Now that he was underway, Sheriff Robert Torrez drove with no particular sense of urgency. He let the battered SUV heave along the rough two-track out toward Lewis Wells, and occasionally in the distance they could see the dust cloud raised by Casey’s mare. The gelding kept easy pace, no doubt reveling in free running with no human to kick his ribs or jerk his mouth.

“So what’s he gonna do?” Torrez asked. “He don’t have nowheres to go.”

“We can hope just what Christine said…go out and find a quiet place to sit down and think.”

“He’s going to have a lot of time to do that,” Gastner said from the back seat. “You have to wonder,” he added, and braced himself as Torrez maneuvered over a short patch of slick rock bordering a small arroyo. “Is there a back road out of here?”

“Nope.” The sheriff shook his head. “Unless he wants to try driving cross-country.
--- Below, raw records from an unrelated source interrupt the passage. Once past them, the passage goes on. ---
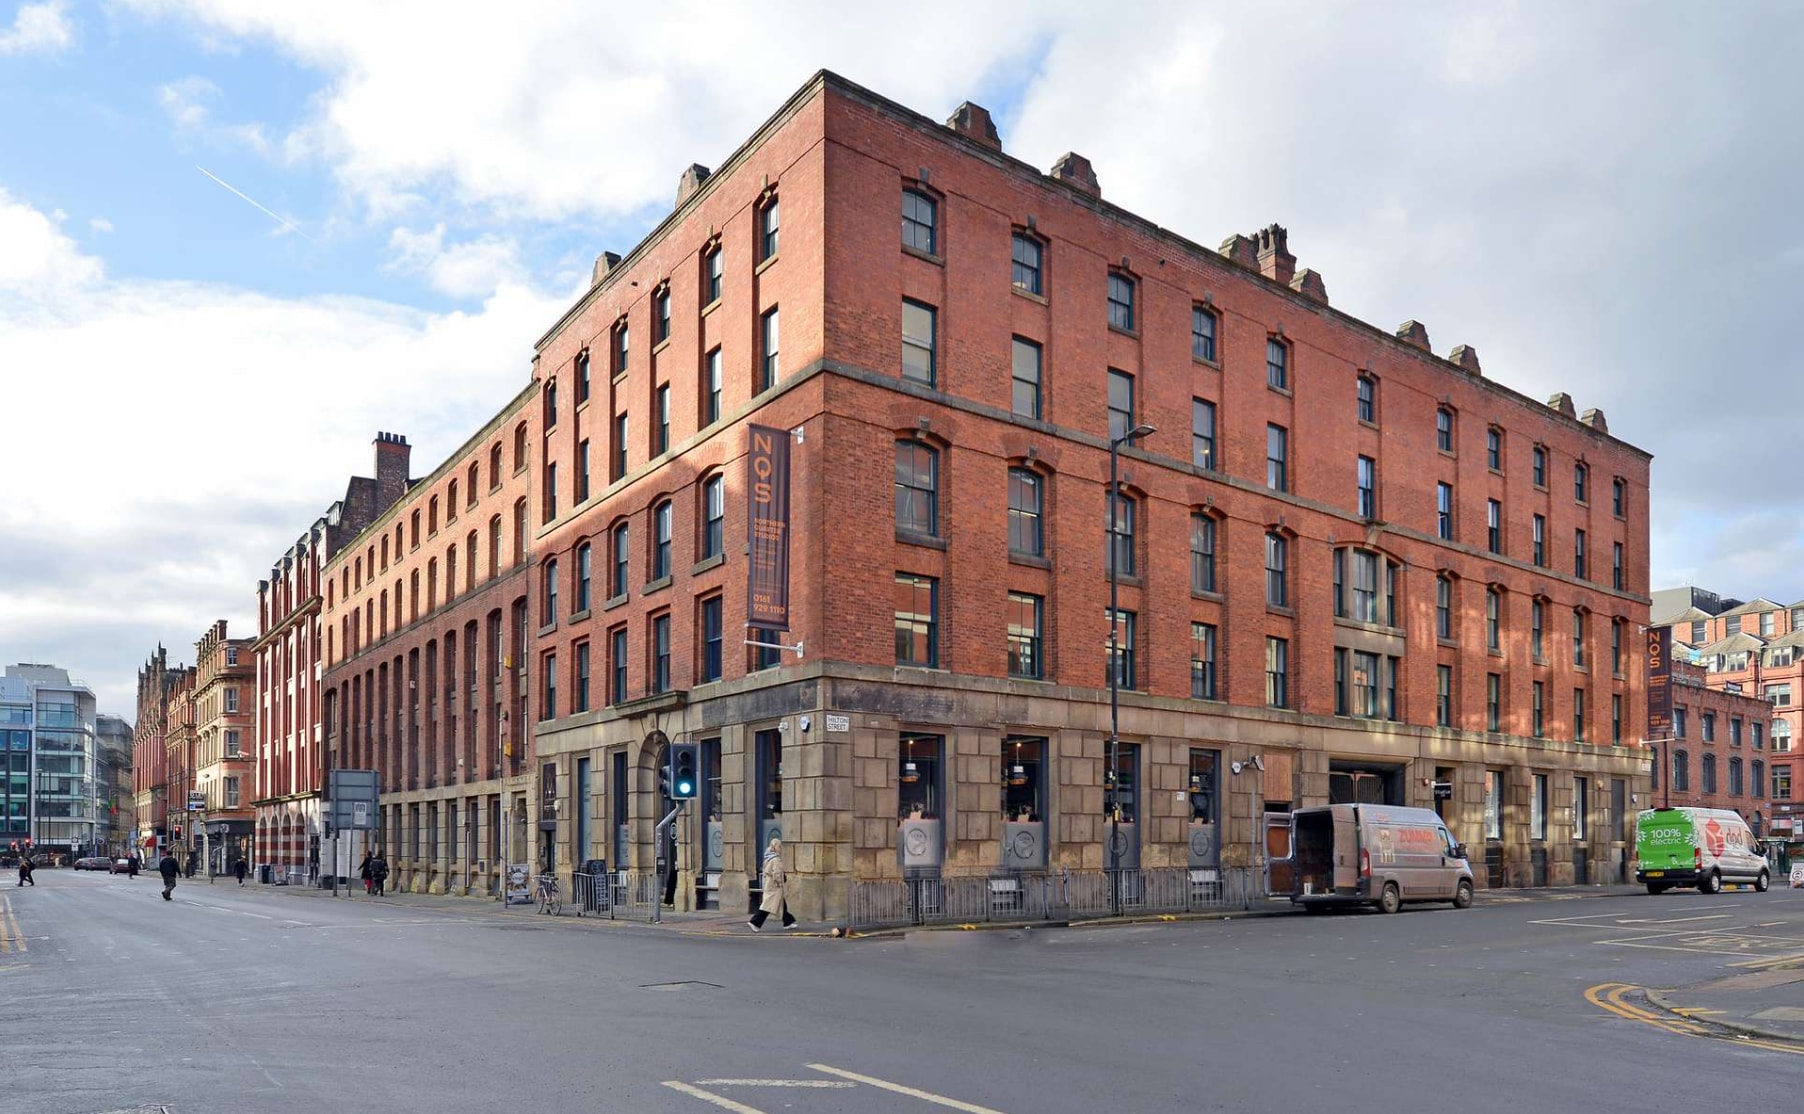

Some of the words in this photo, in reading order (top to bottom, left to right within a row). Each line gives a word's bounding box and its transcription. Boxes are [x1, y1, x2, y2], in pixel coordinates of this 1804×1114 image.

[754, 433, 772, 503] NQS
[754, 594, 770, 603] 0161
[754, 603, 768, 612] 929
[770, 605, 785, 614] 1110
[1649, 632, 1660, 668] NQS
[828, 716, 848, 724] HILTON
[1650, 828, 1681, 838] 100%
[1726, 827, 1743, 848] dpd
[1650, 838, 1681, 846] electric
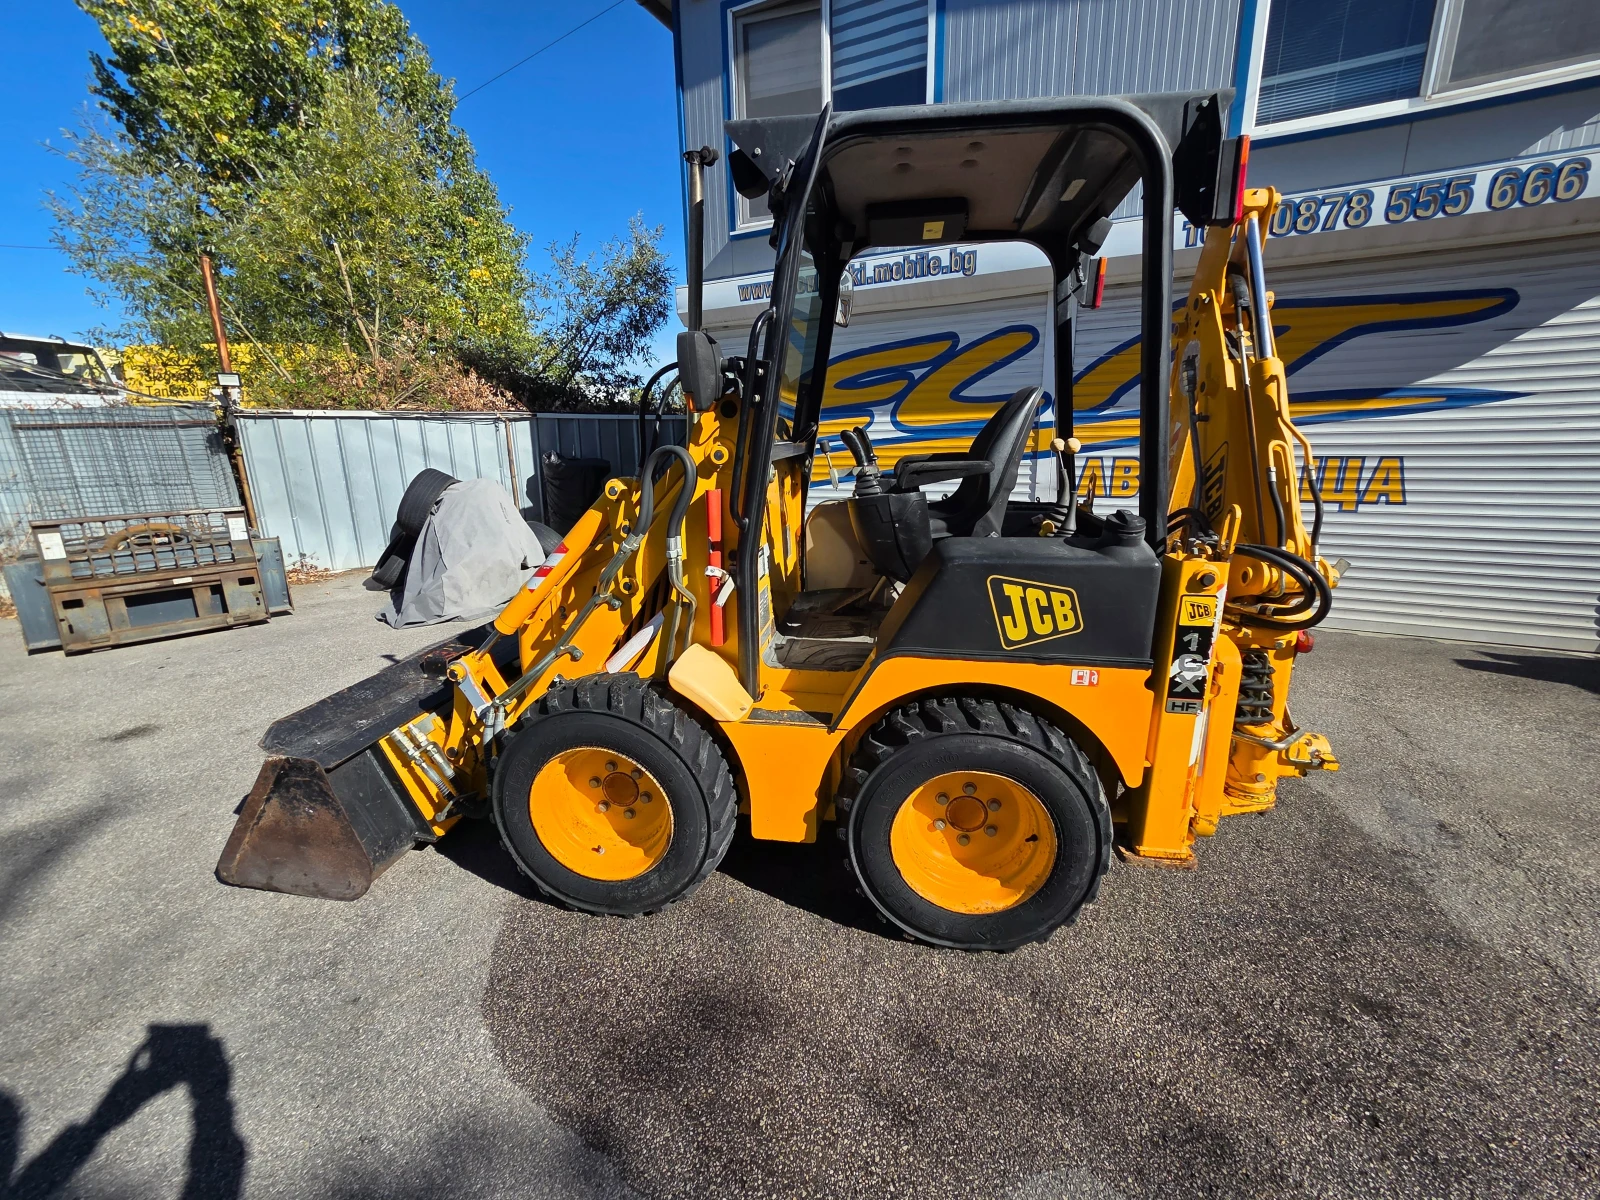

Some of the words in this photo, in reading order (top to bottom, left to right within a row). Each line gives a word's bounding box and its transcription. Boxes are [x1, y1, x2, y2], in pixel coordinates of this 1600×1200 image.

[1271, 190, 1375, 237] 0878
[1385, 173, 1477, 224] 555
[1486, 156, 1592, 211] 666
[1202, 455, 1226, 519] JCB
[1002, 583, 1076, 642] JCB
[1188, 603, 1211, 620] JCB
[1171, 701, 1198, 712] HF
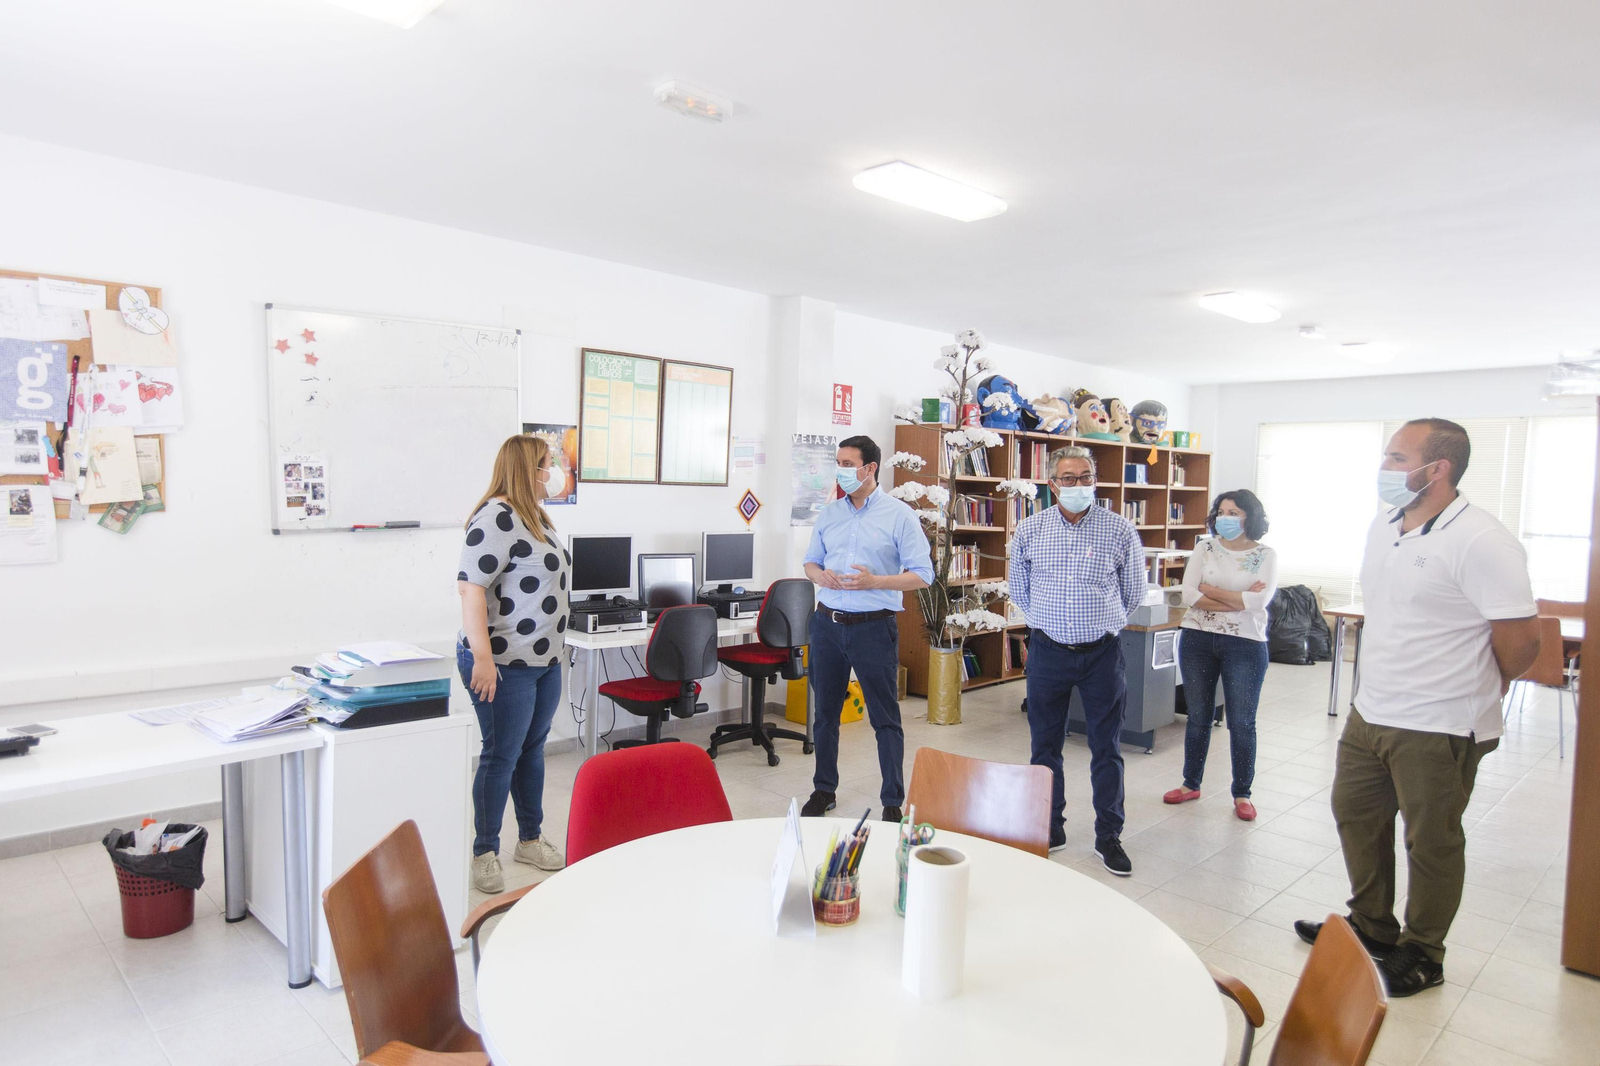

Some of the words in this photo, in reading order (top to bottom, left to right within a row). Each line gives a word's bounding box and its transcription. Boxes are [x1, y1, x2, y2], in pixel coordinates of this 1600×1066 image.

[588, 354, 632, 367] COLOCACIÓN
[598, 362, 608, 370] DE
[609, 363, 622, 372] LOS
[597, 369, 622, 379] LIBROS
[792, 434, 838, 446] VEIASA
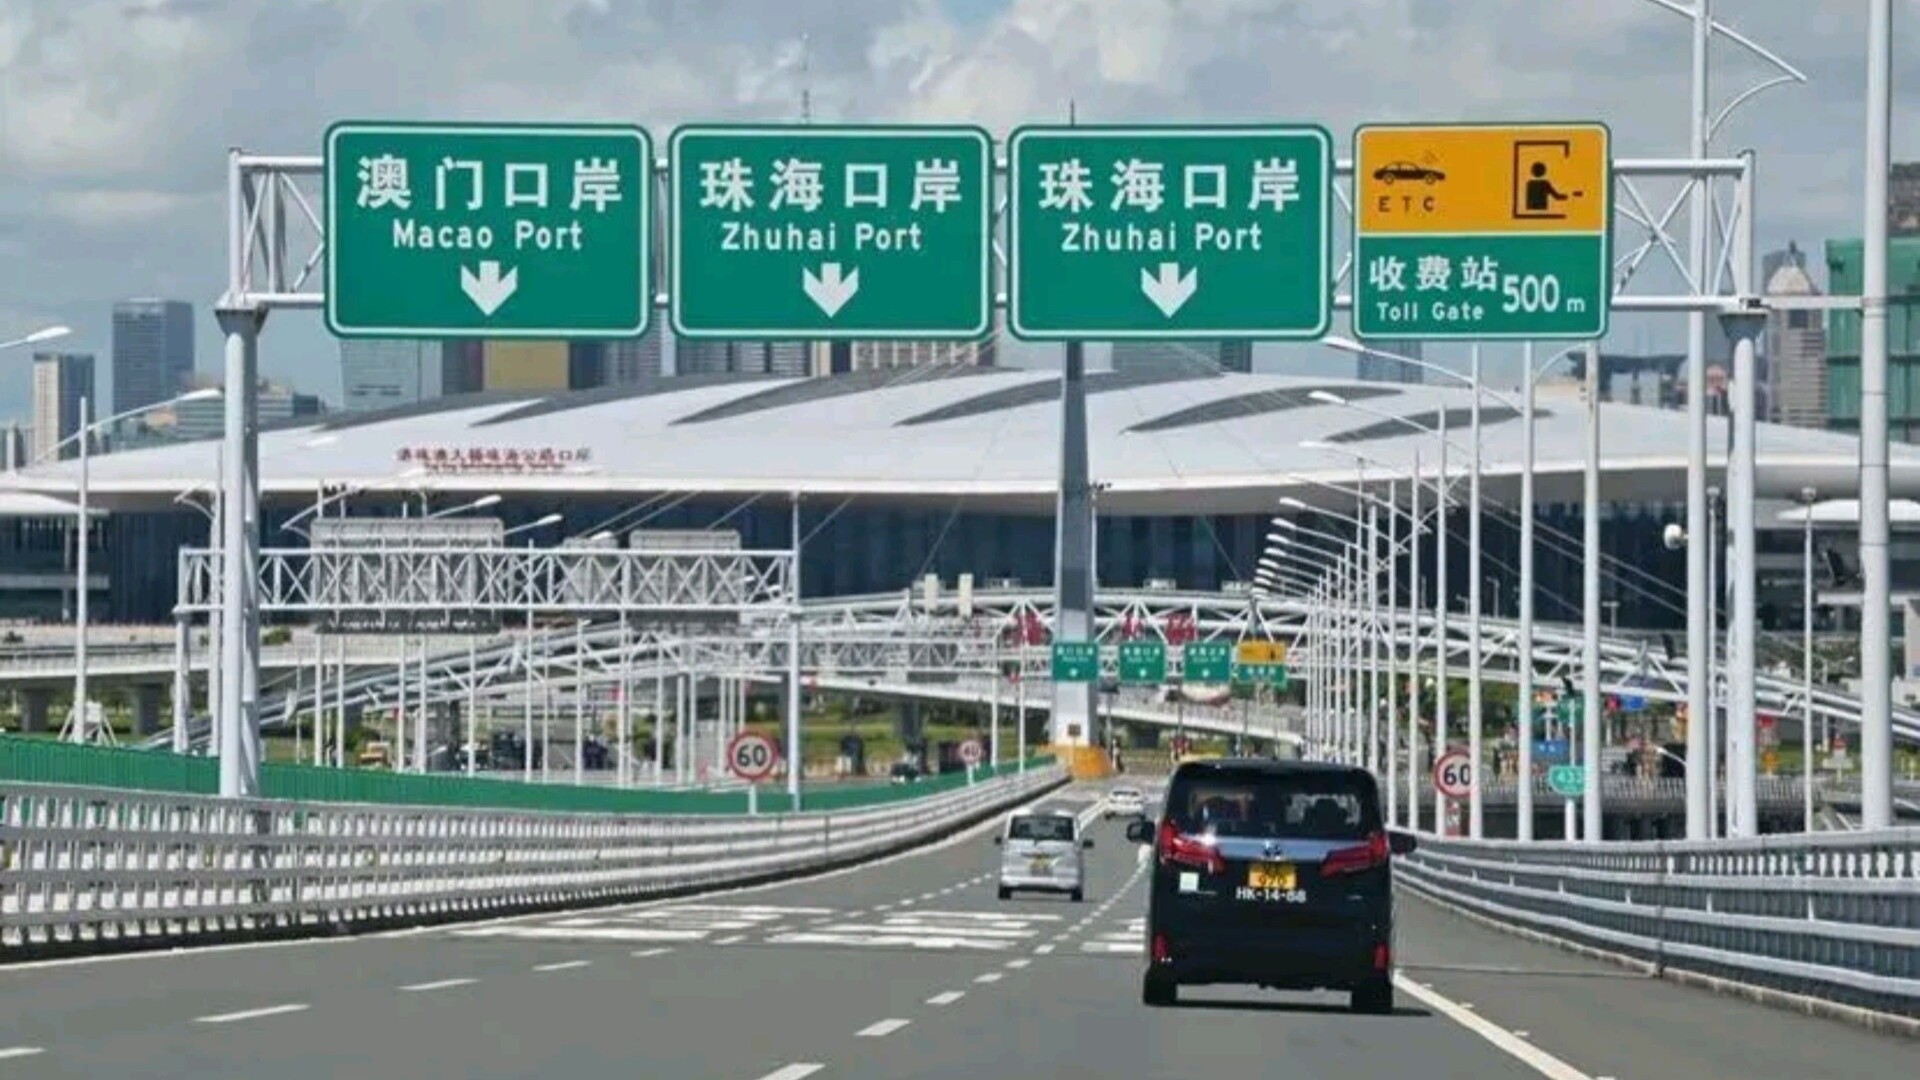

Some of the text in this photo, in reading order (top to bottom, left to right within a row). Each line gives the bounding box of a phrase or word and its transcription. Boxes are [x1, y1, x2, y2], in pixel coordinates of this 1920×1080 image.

[356, 154, 622, 211] 澳门口岸
[700, 157, 962, 213] 珠海口岸
[1039, 157, 1299, 212] 珠海口岸
[393, 219, 582, 249] Macao Port
[721, 222, 922, 250] Zhuhai Port
[1062, 222, 1262, 251] Zhuhai Port
[1369, 255, 1498, 292] 收费站
[1502, 274, 1559, 313] 500
[1377, 302, 1484, 321] Toll Gate
[736, 744, 767, 768] 60
[1443, 763, 1469, 787] 60
The arroyos ain’t going to let him do that.”

The windmill appeared first as a speck on the horizon, then gently turning, the rudder swinging the blades to track into the fitful breeze. Lewis Wells sprouted out of a swale, a slight depression where the cattle had trampled the grass to dust.

“That well was drilled in 1951,” Gastner announced as they approached the last slight rise before the swale. “I wish I could remember the homesteader’s name. It’ll come to me. Lewis bought the property, but he didn’t do the drilling.”